Entries supplied ::

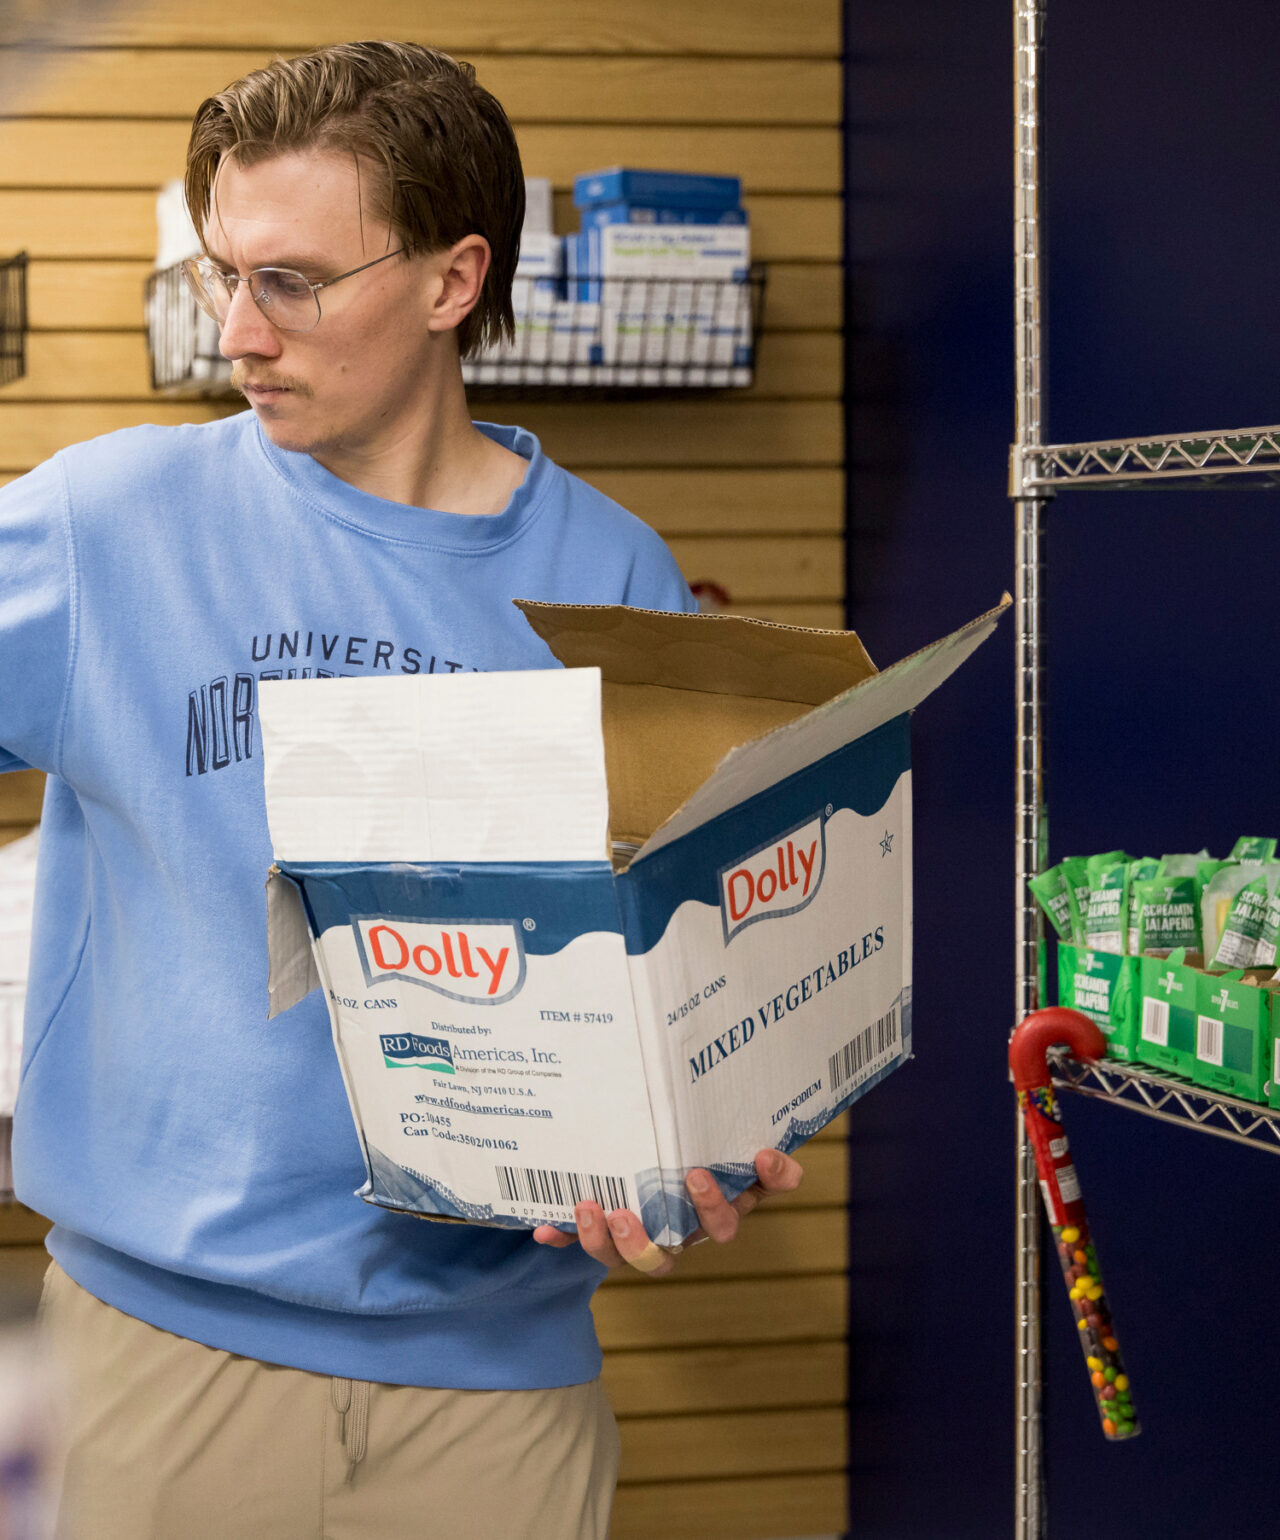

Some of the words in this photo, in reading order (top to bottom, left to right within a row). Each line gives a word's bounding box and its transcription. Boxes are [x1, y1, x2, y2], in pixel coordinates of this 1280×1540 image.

[251, 630, 488, 676] UNIVERSIT
[727, 839, 818, 922] Dolly
[368, 925, 510, 995] Dolly
[342, 998, 358, 1009] OZ
[364, 998, 398, 1009] CANS
[688, 1015, 756, 1084] MIXED
[757, 925, 885, 1030] VEGETABLES
[689, 993, 701, 1011] OZ
[703, 975, 727, 999] CANS
[431, 1021, 476, 1034] Distributed
[478, 1026, 492, 1036] by:
[539, 1010, 571, 1022] ITEM
[573, 1012, 581, 1022] #
[583, 1012, 614, 1024] 57419
[381, 1036, 411, 1053] RD
[411, 1036, 451, 1058] Foods
[453, 1044, 529, 1064] Americas,
[532, 1047, 562, 1064] Inc.
[432, 1078, 446, 1088] Fair
[448, 1081, 470, 1093] Lawn,
[470, 1086, 482, 1096] NJ
[483, 1086, 507, 1096] 07410
[508, 1087, 537, 1097] U.S.A.
[414, 1093, 553, 1118] www.rdfoodsamericas.com
[771, 1104, 790, 1126] LOW
[791, 1078, 822, 1110] SODIUM
[403, 1126, 429, 1137] Can
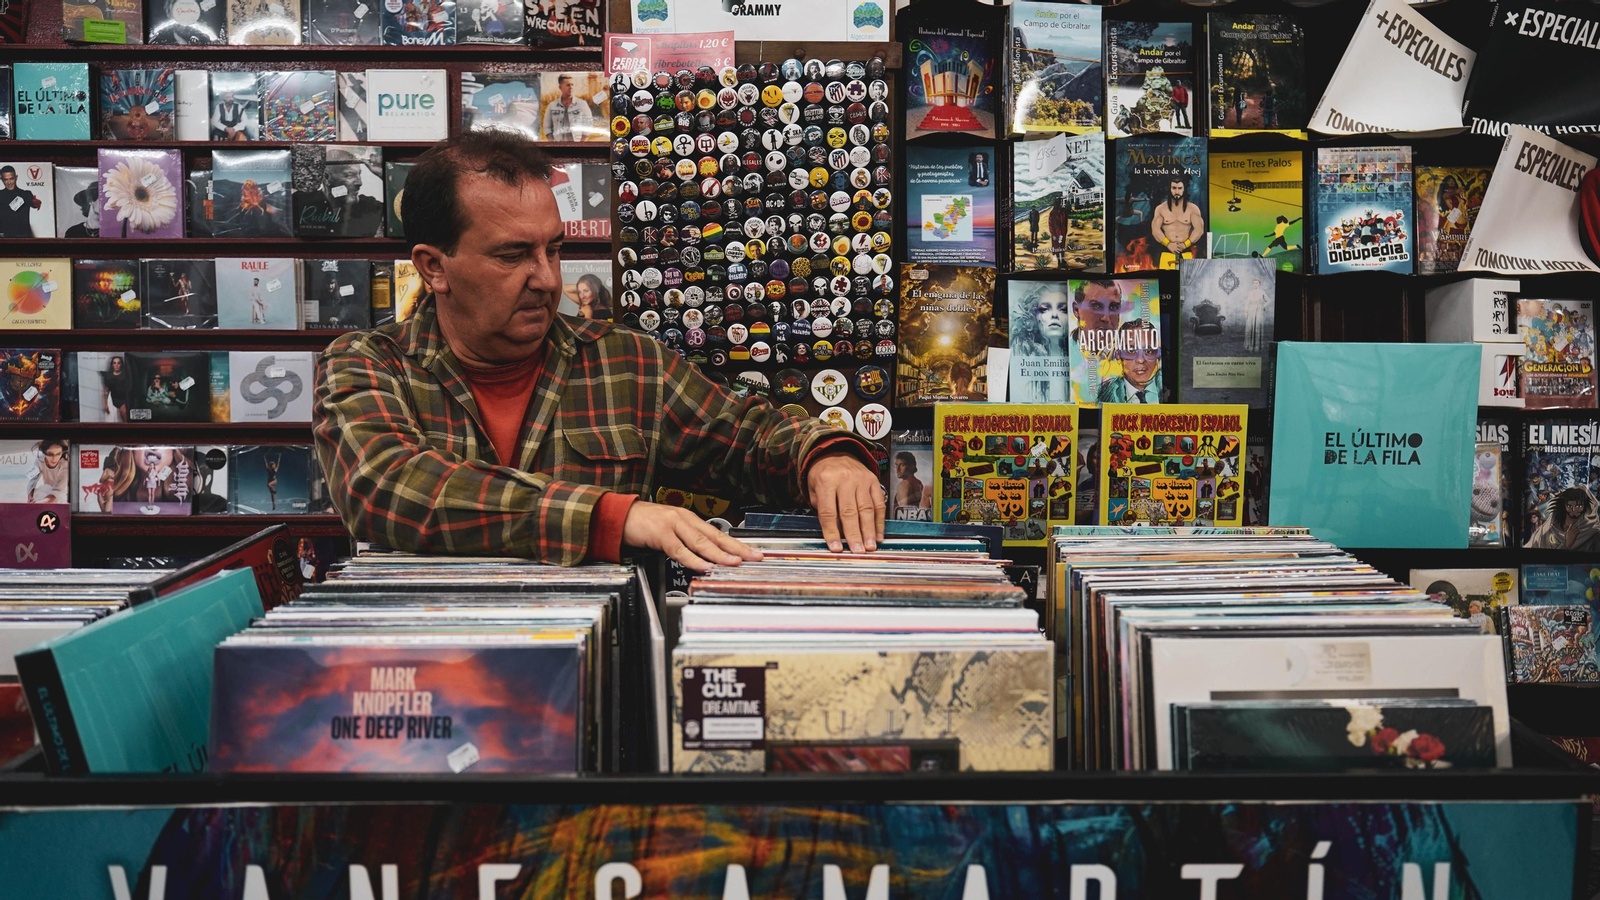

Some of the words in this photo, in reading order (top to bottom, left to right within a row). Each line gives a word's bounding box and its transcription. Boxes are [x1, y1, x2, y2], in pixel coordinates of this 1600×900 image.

Assignment :: Please repeat every line from the listing above exactly as it appears. Drop the pictures.

Output for this task ::
Some of the words in this photo, in reading order (top to bottom, left to right within a row). Each line gives a word's bounding box and its transcription. Boxes are [x1, y1, x2, y2], in pixel coordinates of this 1280×1540 image.

[251, 630, 488, 676] UNIVERSIT
[727, 839, 818, 922] Dolly
[368, 925, 510, 995] Dolly
[342, 998, 358, 1009] OZ
[364, 998, 398, 1009] CANS
[688, 1015, 756, 1084] MIXED
[757, 925, 885, 1030] VEGETABLES
[689, 993, 701, 1011] OZ
[703, 975, 727, 999] CANS
[431, 1021, 476, 1034] Distributed
[478, 1026, 492, 1036] by:
[539, 1010, 571, 1022] ITEM
[573, 1012, 581, 1022] #
[583, 1012, 614, 1024] 57419
[381, 1036, 411, 1053] RD
[411, 1036, 451, 1058] Foods
[453, 1044, 529, 1064] Americas,
[532, 1047, 562, 1064] Inc.
[432, 1078, 446, 1088] Fair
[448, 1081, 470, 1093] Lawn,
[470, 1086, 482, 1096] NJ
[483, 1086, 507, 1096] 07410
[508, 1087, 537, 1097] U.S.A.
[414, 1093, 553, 1118] www.rdfoodsamericas.com
[771, 1104, 790, 1126] LOW
[791, 1078, 822, 1110] SODIUM
[403, 1126, 429, 1137] Can

Some of the words in this photo, in reading order (top to bottom, left to right within a row). Each line gives a word's bounding box and its transcription. Boxes are [x1, y1, x2, y2], in pixel coordinates of this 1600×900 image.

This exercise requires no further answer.